- [Directions]: Skip the pictures and repeat each line of the data exactly.

- [Stored data]:
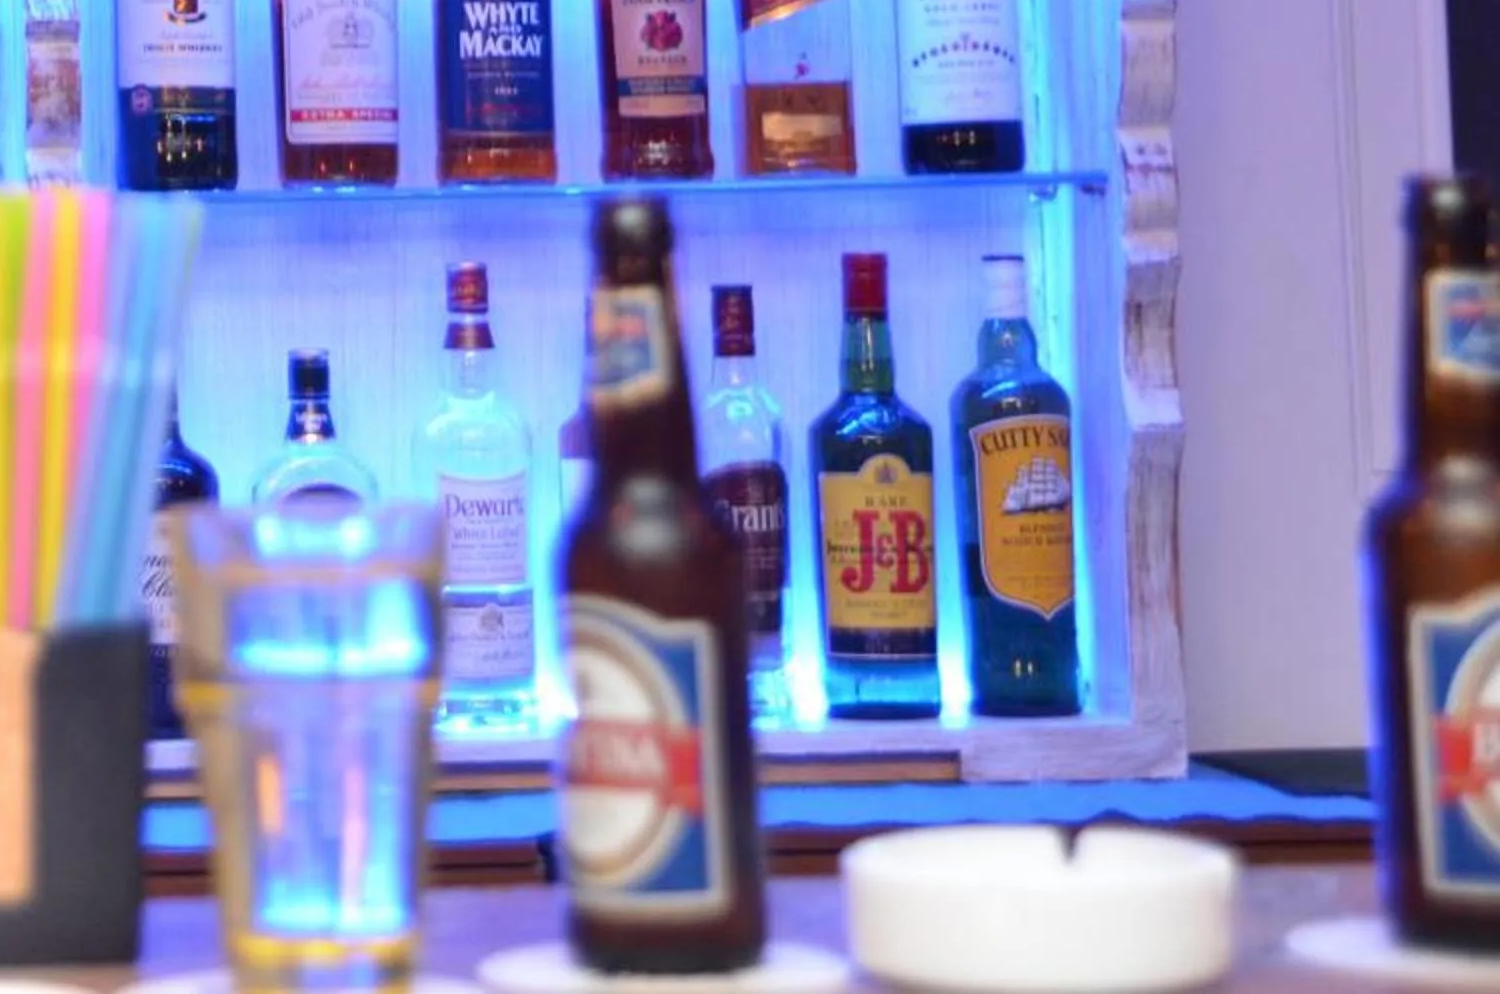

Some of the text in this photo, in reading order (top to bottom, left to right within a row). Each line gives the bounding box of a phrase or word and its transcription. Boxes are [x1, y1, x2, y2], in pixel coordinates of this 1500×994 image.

[463, 1, 540, 30] WHYTE
[459, 29, 544, 60] MACKAY
[979, 425, 1045, 456] CUTTY
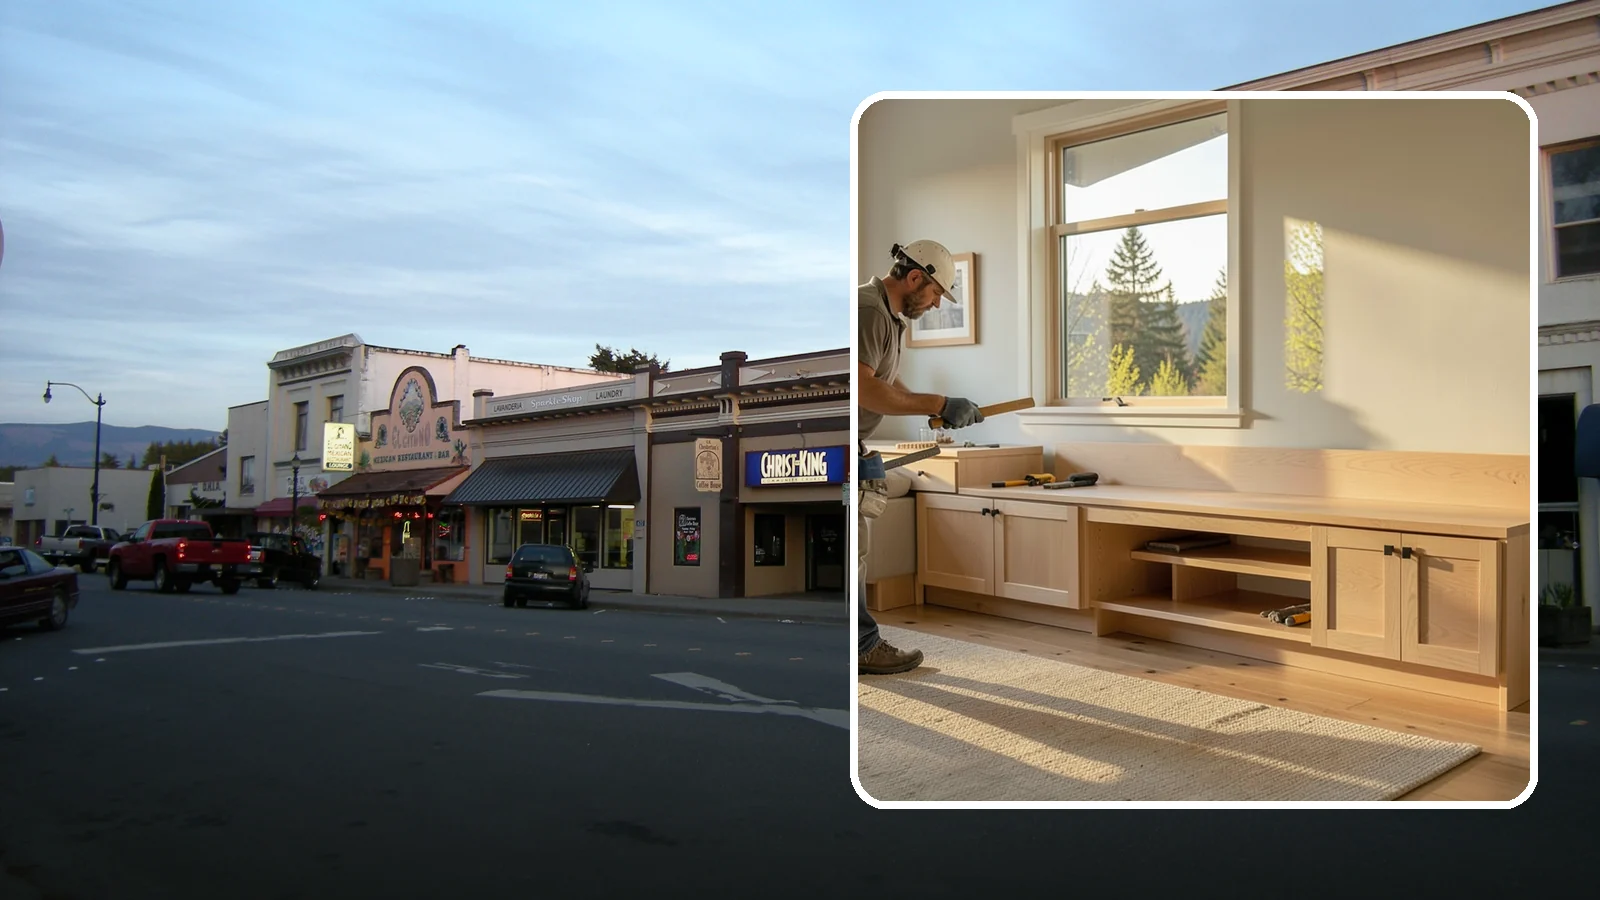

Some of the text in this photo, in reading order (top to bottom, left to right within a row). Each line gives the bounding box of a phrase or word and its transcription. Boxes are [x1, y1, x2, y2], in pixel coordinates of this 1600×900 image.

[595, 388, 624, 400] LAUNDRY
[494, 402, 522, 412] LAVANDERIA
[374, 450, 450, 464] MEXICAN RESTAURANT BAR
[761, 450, 828, 478] CHRIST KING

- [Output of the task]:
Some of the text in this photo, in reading order (top to bottom, left to right within a row). Each line gives the bounding box of a phrase or word and its transcription. Boxes are [x1, y1, x2, y2], in pixel coordinates of this 1500×994 image.

[463, 1, 540, 30] WHYTE
[459, 29, 544, 60] MACKAY
[979, 425, 1045, 456] CUTTY

Some of the text in this photo, in reading order (top to bottom, left to right within a row). Each line gives the bounding box of a phrase or word and its transcription. Boxes are [x1, y1, x2, y2], in pixel coordinates of this 1600×900 image.

[595, 388, 624, 400] LAUNDRY
[494, 402, 522, 412] LAVANDERIA
[374, 450, 450, 464] MEXICAN RESTAURANT BAR
[761, 450, 828, 478] CHRIST KING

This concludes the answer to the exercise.